Terni, cocaina pura oltre l’80% e guadagni per 150mila euro al mese: ecco come si muoveva il “re dello spaccio”

La banda aveva la sua base operativa in strada del Cerqueto e riforniva tutte le piazze della città, arrivando fino a Rieti e Spoleto

Un provento di 150mila euro, cocaina spacciata con un grado di purezza superiore all’80 per cento e la base operativa in strada del Cerqueto. Questi i dettagli dell’operazione dei carabinieri di Terni, durata un anno che ha permesso di smantellare una banda specializzata nello spaccio di cocaina. Dieci le persone in carcere (4 cittadini albanesi, 2 romeni e 4 italiani) di età compresa tra i 30 e i 60 anni e due persone indagate. 
Le fasi dell’indagine sono state illustrate nel corso di una conferenza stampa che si è tenuta al comando provinciale dei carabinieri di via Radice a Terni, alla presenza di Andrea Claudiani (procuratore facente funzione a Terni), Marco Stramaglia (sostituto procuratore) del comandante del nucleo investigativo dell’Arma, Antonio De Rosa, e del maggiore Marco Ruffini. 

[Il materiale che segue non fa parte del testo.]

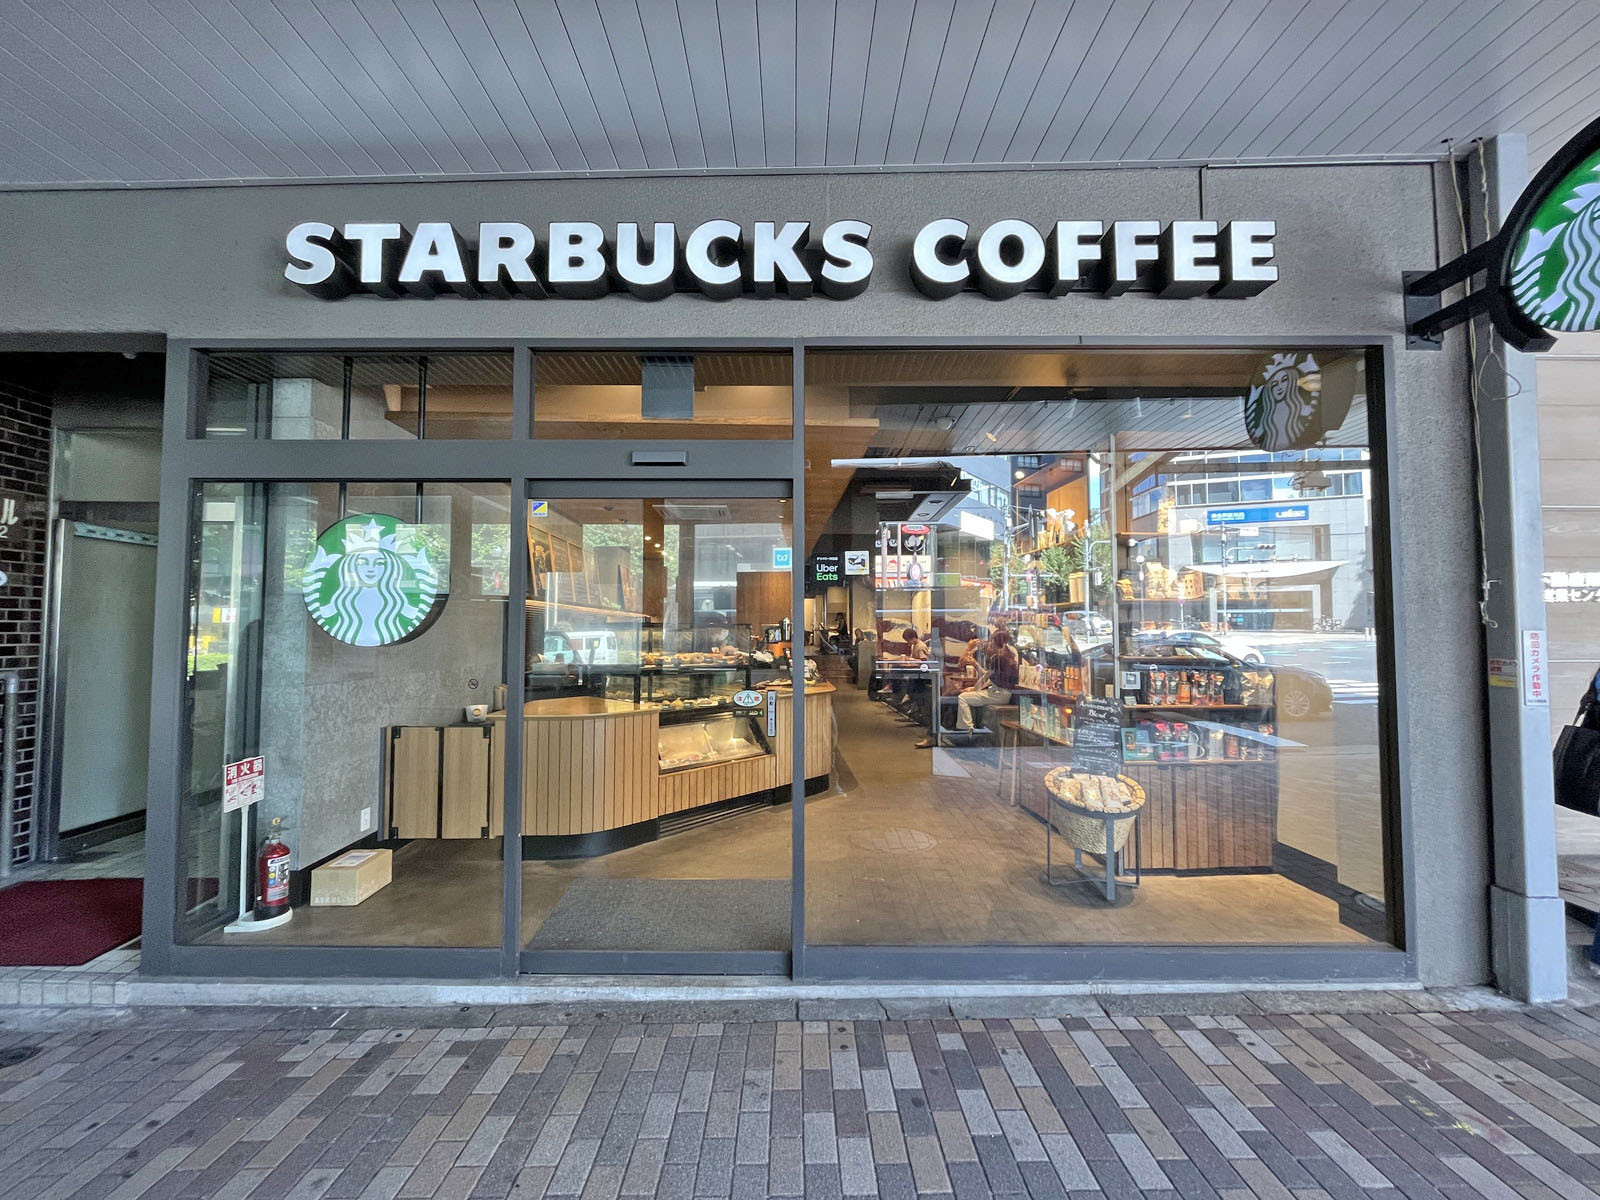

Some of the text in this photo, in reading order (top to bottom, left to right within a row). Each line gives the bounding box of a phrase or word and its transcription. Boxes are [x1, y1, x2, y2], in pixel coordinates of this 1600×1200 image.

[285, 219, 1277, 284] STARBUCKS COFFEE
[816, 564, 839, 572] Uber
[816, 573, 839, 581] Eats

Il modus operandi della banda prevedeva l’utilizzo da parte del principale indiziato della casa in strada del Cerqueto come base di stoccaggio della cocaina prima del passaggio ai vari collaboratori per lo spaccio nel territorio. Un giro da 150mila euro al mese, per diversi chili di cocaina venduti, con lo stato di purezza della droga (rilevato dopo analisi accurata) oltre l’80%. Le zone dello spaccio spaziavano dalla principali piazze di Terni, comprese anche quelle della movida, fino al territorio reatino e spoletino. 

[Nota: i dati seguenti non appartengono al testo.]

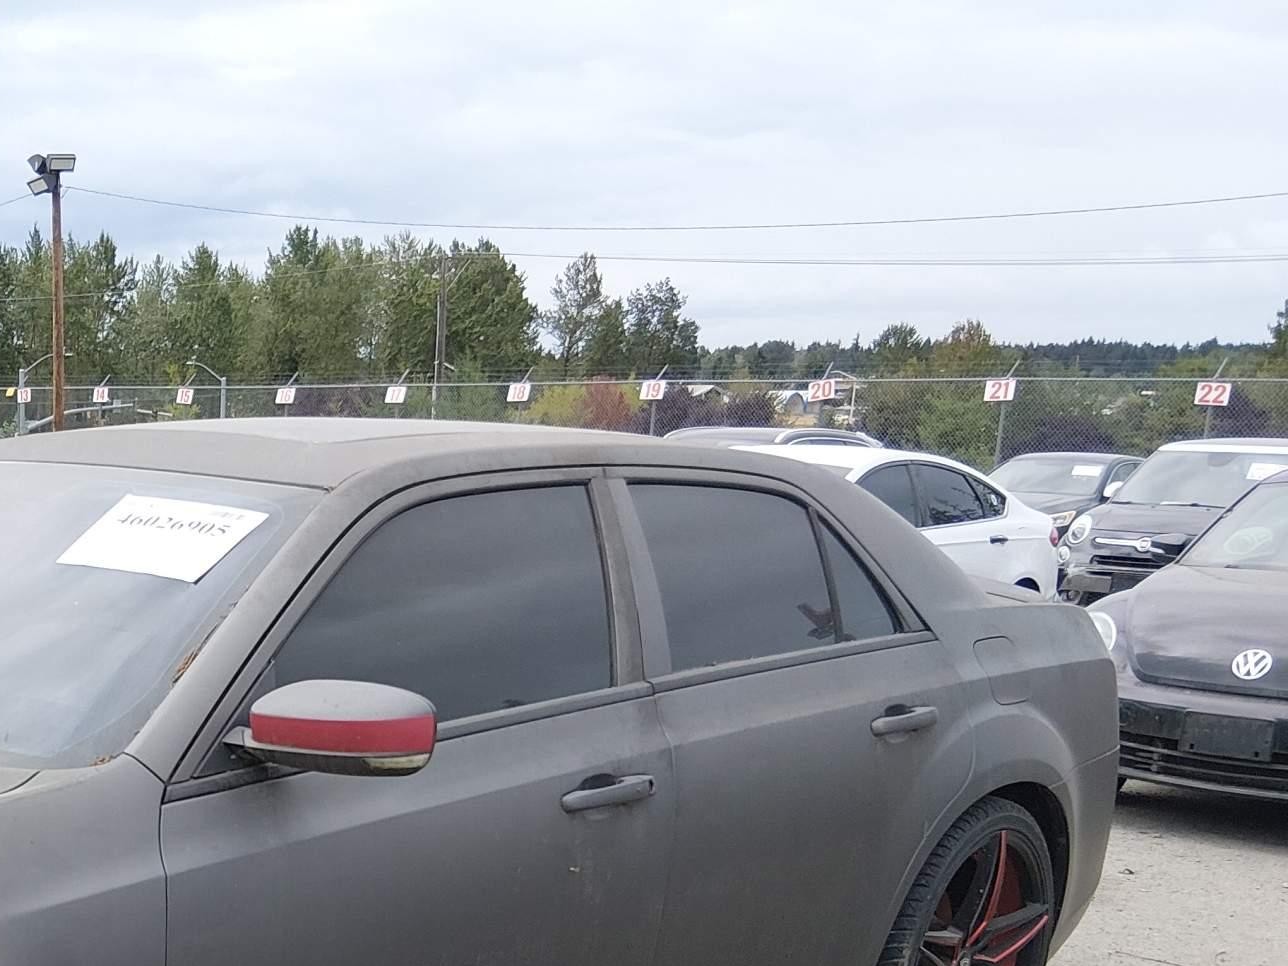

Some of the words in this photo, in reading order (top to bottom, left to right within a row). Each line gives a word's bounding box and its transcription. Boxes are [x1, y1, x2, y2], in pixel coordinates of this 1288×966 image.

[20, 390, 29, 402] 13
[96, 389, 105, 401] 14
[180, 390, 190, 403] 15
[280, 389, 292, 402] 16
[391, 388, 402, 401] 17
[512, 385, 526, 400] 18
[645, 382, 661, 398] 19
[812, 382, 833, 399] 20
[989, 382, 1010, 399] 21
[1198, 383, 1227, 404] 22
[118, 513, 231, 537] 46026905

La cocaina giungeva in città in voluminosi panetti da un chilogrammo, venendo poi occultata sotterrandola accanto ad alberi nella zona di campagna limitrofa alla base operativa. Tra le dieci persone sottoposte a custodia cautelare in carcere (4 di nazionalità albanese, 2 di nazionalità romena e 4 di nazionalità italiana) c’è anche una donna identificata come la compagna del “re dello spaccio”, portata nel carcere di Perugia. 
Ancora al vaglio la zona di provenienza della cocaina, con due piste principali seguite per adesso che portano a Parma e Roma. Diversificata anche la rete di clienti, che spaziano dai più giovani a persone in fascia adulta, mentre durante le operazioni d’indagine i cinquanta militari impiegati hanno utilizzato strumenti come intercettazioni telefoniche, ambientali e videoriprese a distanza. In un’occasione è stata anche sequestrata una somma di 15mila in contanti, proventi dell’attività di spaccio.